Of course, I am referring to Netflix's latest major investment in self-produced film, "Don´t Look Up", which ends with the whole earth collapsing in a spectacular meteorite crash.

At the same time as this crash is being streamed fully - so far 353 million hours since its premiere on December 5 - the very origin of it, Netflix, is crashing on the stock exchange.

The price has plummeted by more than 20 percent during the day, since Netflix released its financial statements after the New York Stock Exchange closed on Thursday night.

It was not the profit figures that were wrong: they were about as the stock analysts had expected.

No, it was about the influx of customers in the future.

Netflix expects 2.5 million new subscribers in the first quarter of this year.

This is significantly less than the stock market had expected.

And, of course, only a fraction of the number of subscribers that flocked to when the world shut down in 2020. In total, Netflix now has 222 million customers.

But now the stock market seems to fear that people will not be forced to stay at home at their screens for that long.

The competition is getting tougher

There are more explanations for Netflix's expected growth than expecting the world's population to soon leave the living room sofas completely without rules.

Competition has also intensified.

More streaming services are fighting harder and harder for our time.

But Netflix competitors, such as Disney, and here at home Nent with Viaplay and TV3, also fell sharply on the stock market today.

Today's race for the Netflix share is not an isolated event.

The tech giants in New York, where Netflix belongs, have been struggling on the stock market since last fall, in some cases even longer.

Since the turn of the year, Facebook, Apple and Alphapet (Google) have fallen by 7-8 percent.

Amazon has fallen by 12 percent and Netflix 33 percent.

Tesla has fallen 10 percent.

Of these, however, only Amazon and Netflix are behind if you look back a year.

The anxiety is growing

The courses for tech giants like these rushed when the pandemic broke out and it was clear that both work and private life would be handled in front of screens, which required electronic equipment, data capacity, and a variety of Internet-based services.

But then inflation rose.

Interest rate hikes were feared, which is automatically bad for companies with rapid growth and profits well into the future embedded in stock prices.

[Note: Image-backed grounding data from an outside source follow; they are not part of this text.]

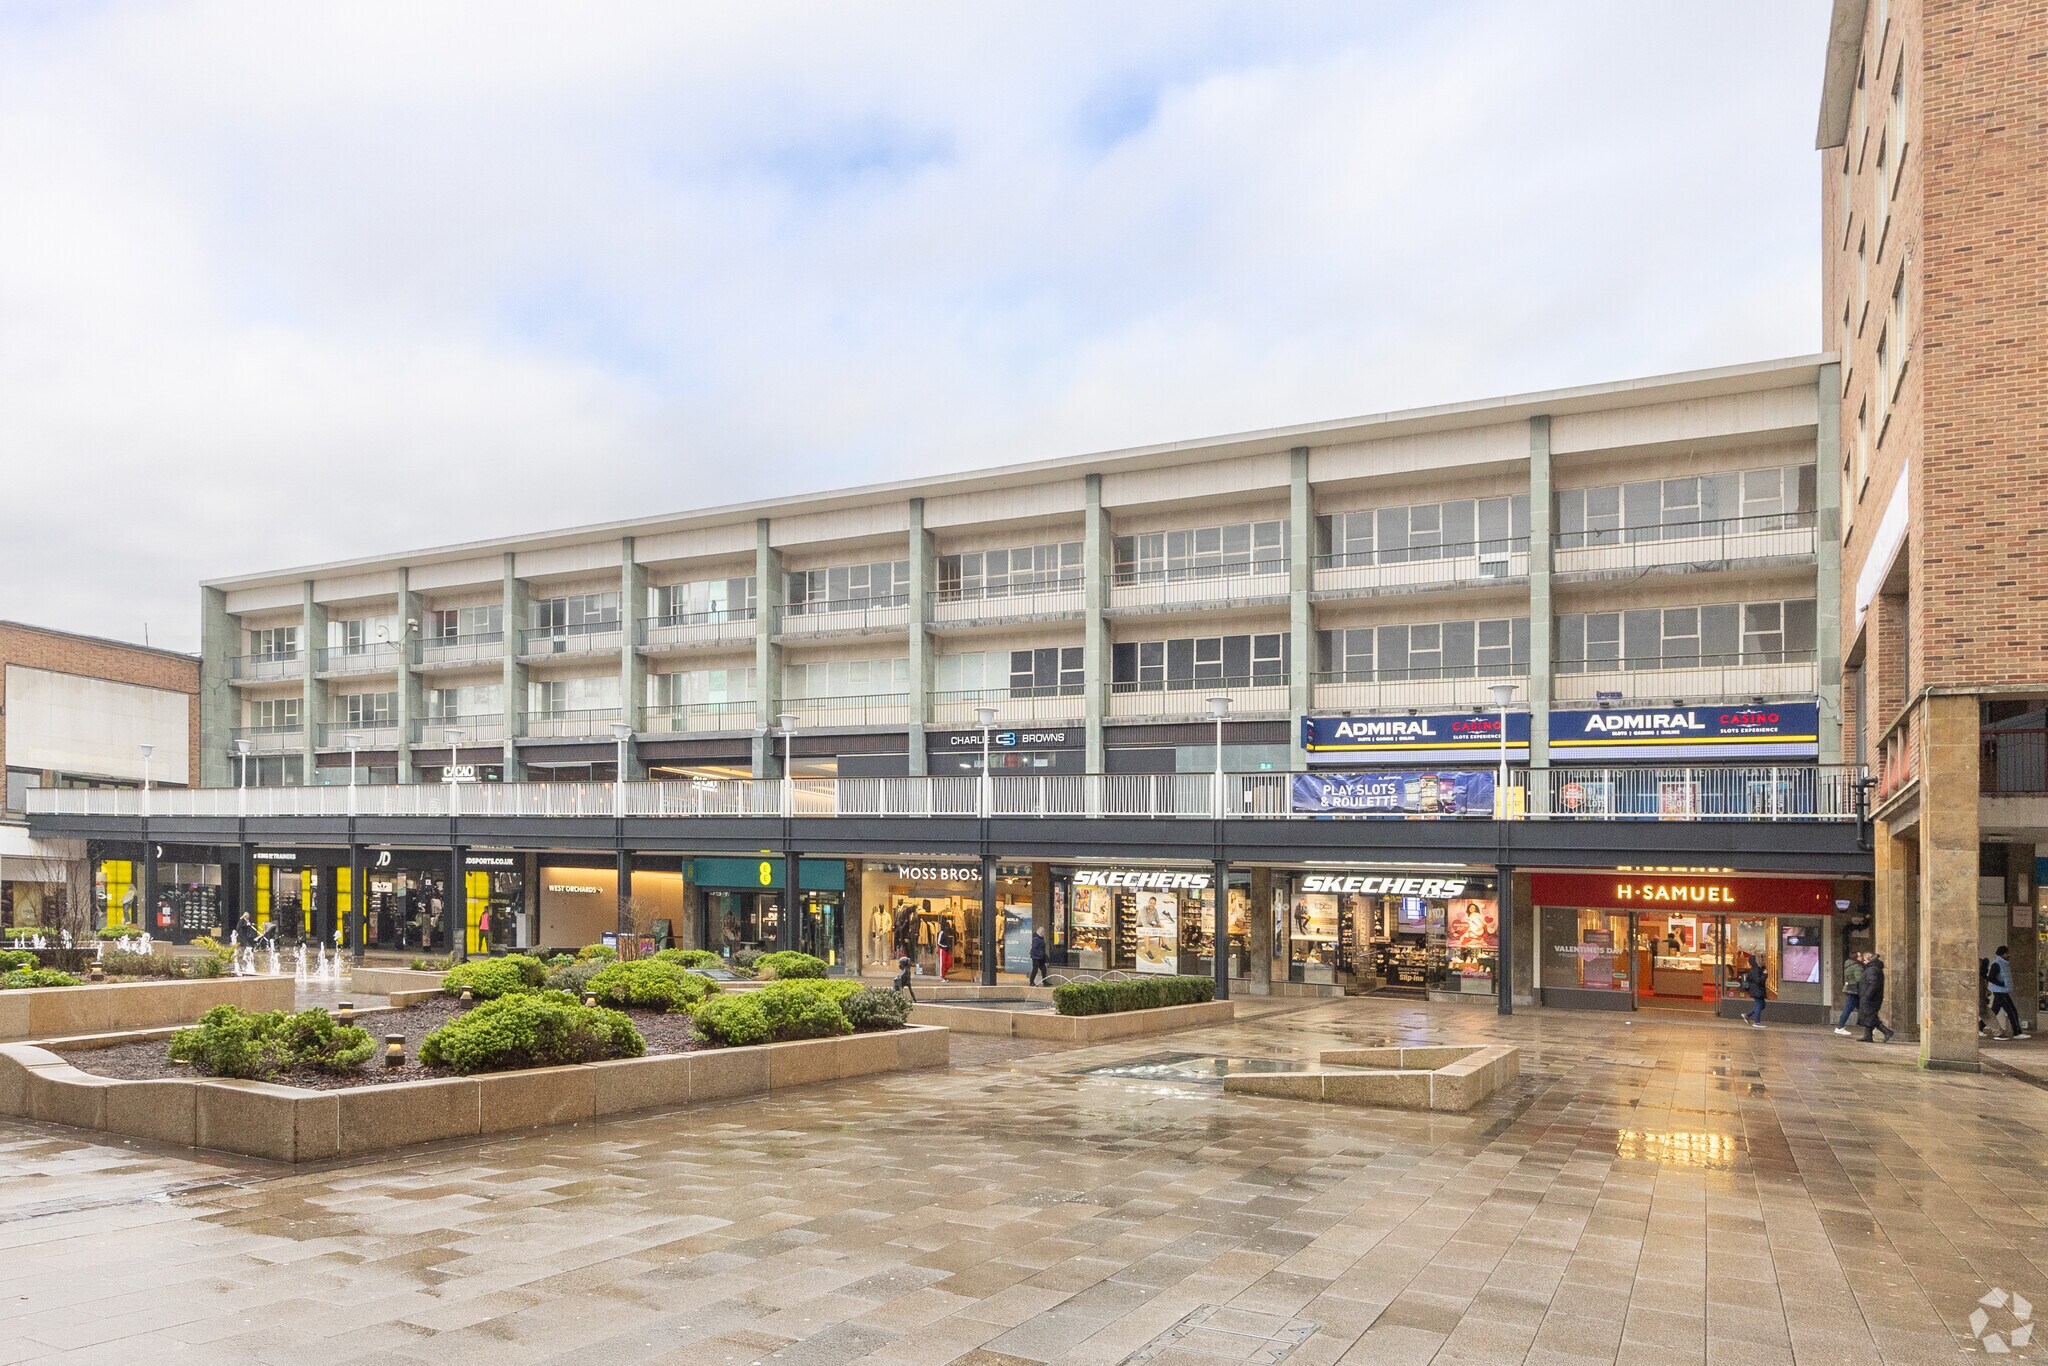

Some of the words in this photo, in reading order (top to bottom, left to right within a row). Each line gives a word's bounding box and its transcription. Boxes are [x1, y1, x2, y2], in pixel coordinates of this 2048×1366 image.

[1585, 712, 1705, 731] ADMIRAL
[1719, 713, 1779, 724] CASINO
[1335, 720, 1436, 737] ADMIRAL
[1452, 721, 1501, 731] CASINO
[1022, 733, 1065, 743] BROWNS
[1323, 785, 1355, 796] PLAY
[1357, 783, 1396, 795] SLOTS
[1320, 796, 1329, 807] &
[1333, 794, 1398, 807] ROULETTE
[376, 851, 391, 866] JD
[900, 867, 936, 880] MOSS
[940, 868, 982, 880] BROS.
[1073, 870, 1210, 889] SKECHERS
[1301, 875, 1466, 896] SKECHERS

That unrest has gained new momentum now.

There were many, including myself, who expected that inflation and interest rate turmoil would start to bite the stock market almost a year ago.

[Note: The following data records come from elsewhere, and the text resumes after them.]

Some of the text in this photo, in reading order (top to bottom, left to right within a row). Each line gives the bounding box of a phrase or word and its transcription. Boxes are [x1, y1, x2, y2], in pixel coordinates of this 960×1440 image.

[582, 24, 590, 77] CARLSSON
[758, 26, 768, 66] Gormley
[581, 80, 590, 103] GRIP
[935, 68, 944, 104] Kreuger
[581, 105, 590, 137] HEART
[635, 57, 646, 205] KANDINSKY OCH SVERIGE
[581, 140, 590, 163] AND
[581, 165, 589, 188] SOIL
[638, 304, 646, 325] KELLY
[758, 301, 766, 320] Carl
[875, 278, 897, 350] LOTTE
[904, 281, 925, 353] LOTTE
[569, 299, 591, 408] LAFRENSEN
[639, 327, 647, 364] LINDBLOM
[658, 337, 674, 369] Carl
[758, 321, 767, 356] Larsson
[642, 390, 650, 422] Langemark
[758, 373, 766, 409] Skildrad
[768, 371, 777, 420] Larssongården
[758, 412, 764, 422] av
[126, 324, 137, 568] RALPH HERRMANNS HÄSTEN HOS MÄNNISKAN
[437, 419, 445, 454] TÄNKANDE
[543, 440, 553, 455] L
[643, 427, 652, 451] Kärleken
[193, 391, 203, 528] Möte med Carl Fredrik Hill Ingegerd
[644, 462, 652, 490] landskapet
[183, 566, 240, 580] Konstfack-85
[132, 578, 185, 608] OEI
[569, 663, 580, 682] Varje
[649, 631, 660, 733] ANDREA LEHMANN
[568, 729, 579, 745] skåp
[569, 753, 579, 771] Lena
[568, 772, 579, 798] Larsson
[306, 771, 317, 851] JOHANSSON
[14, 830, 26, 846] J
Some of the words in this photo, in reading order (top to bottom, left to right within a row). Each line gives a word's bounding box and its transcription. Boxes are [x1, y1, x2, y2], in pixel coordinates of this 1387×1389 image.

Since then, the clouds of unrest have only gotten darker.

Inflation has risen to 4 percent in Sweden.

We think that is a lot, but in the US it is 7 percent.

There, interest rate hikes from the central bank are now approaching by leaps and bounds.

Maybe it will be already in March.

But listed companies' profits have exceeded expectations since the first pandemic summer.

And the stimulus money that the central banks poured out over the financial market to halt a potential financial crisis at the beginning of the pandemic has ultimately set the stock market on fire.

Best to watch out for

Now, however, the central banks will withdraw their money.

And, as I said, raising interest rates.

It is in itself a sign of full speed in the economy and that the pandemic is over, purely financially.

But this increases uncertainty when it comes to growth stocks.

At the same time, there are, paradoxically, problems that are increasing in the stock market turmoil and which are about the pandemic continuing.

This applies to omikron: if it is possible to get rid of it without there being continued, prolonged shutdowns, perhaps aggravated bottleneck problems, or low demand.

Best not to do as in the Netflix movie, but really watch out!